■ **What is expected**: Only the pictures should be dropped; every line of the data must come back exactly as written.
--- Data shown Enclosed Below ---
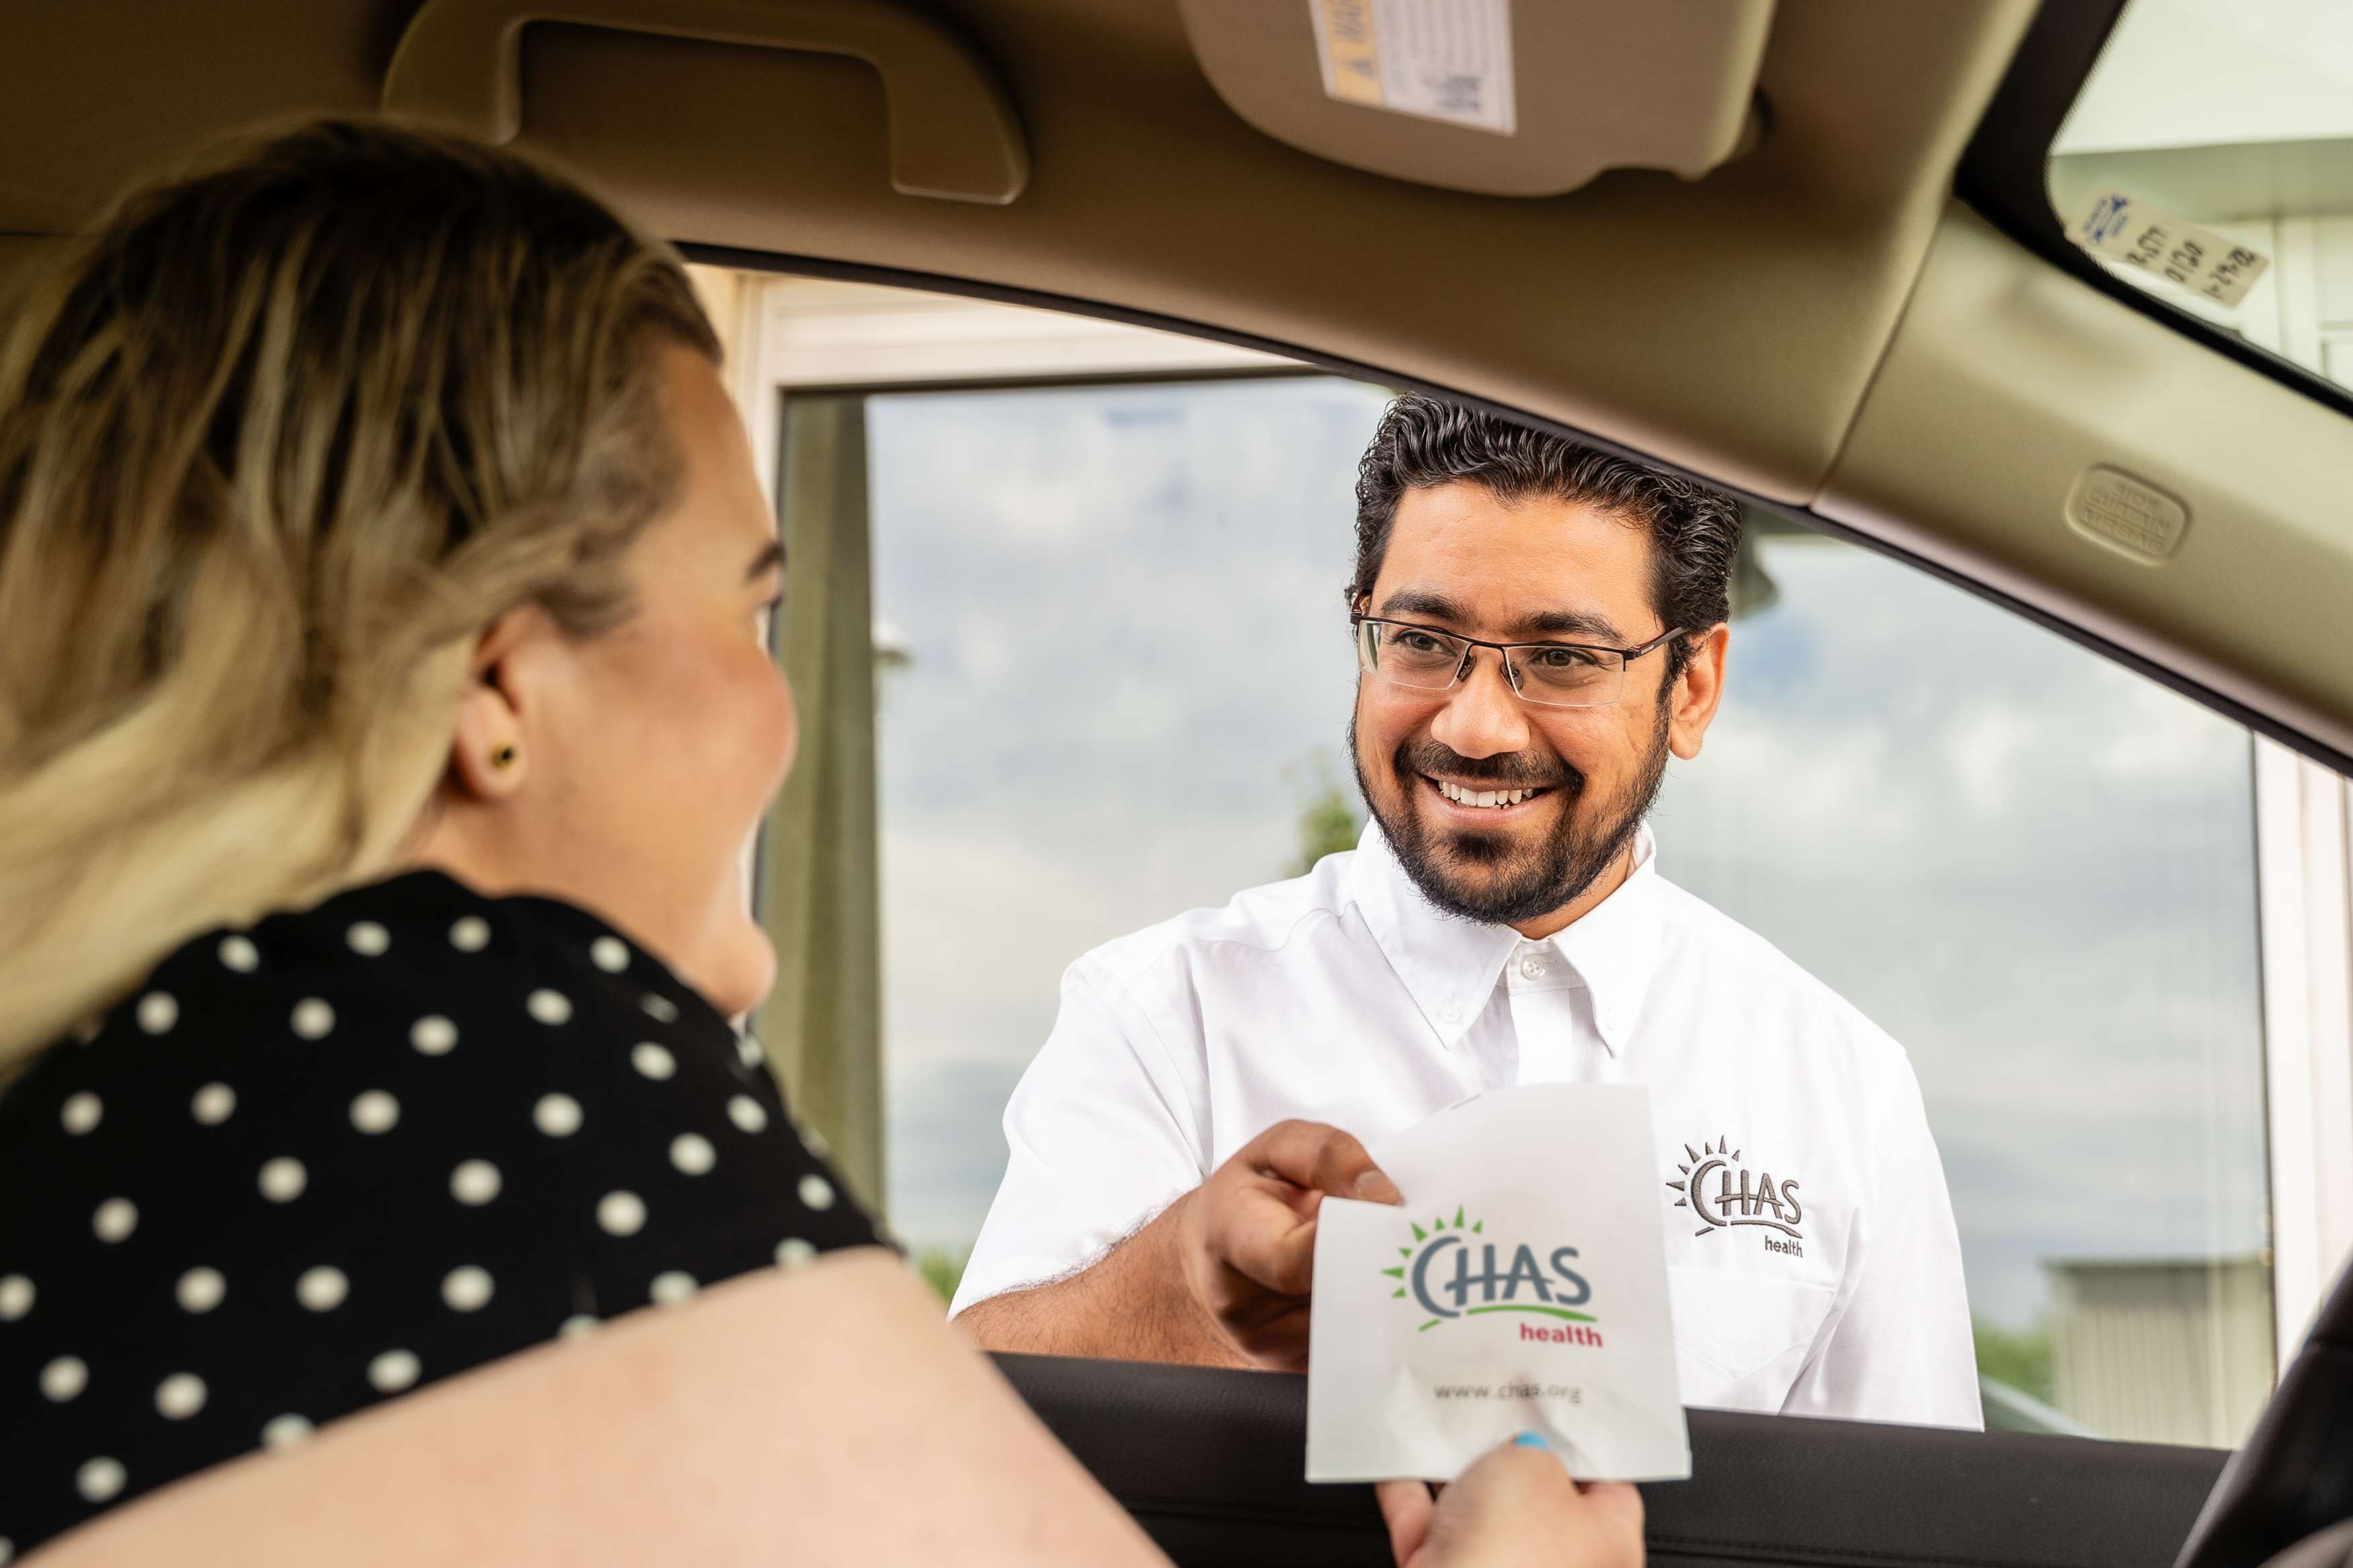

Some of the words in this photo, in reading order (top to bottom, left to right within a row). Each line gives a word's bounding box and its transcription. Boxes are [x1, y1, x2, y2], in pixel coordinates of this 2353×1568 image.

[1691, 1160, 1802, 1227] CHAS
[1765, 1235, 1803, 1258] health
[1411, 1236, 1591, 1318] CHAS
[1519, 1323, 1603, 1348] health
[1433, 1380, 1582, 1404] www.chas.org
--- End of Enclosed Data shown ---
■ **Problem solution**:
Some of the words in this photo, in reading order (top to bottom, left to right within a row). Each line gives a word's bounding box and its transcription. Boxes are [x1, y1, x2, y2], in pixel coordinates of this 2353×1568 image.

[1691, 1160, 1802, 1227] CHAS
[1765, 1235, 1803, 1258] health
[1411, 1236, 1591, 1318] CHAS
[1519, 1323, 1603, 1348] health
[1433, 1380, 1582, 1404] www.chas.org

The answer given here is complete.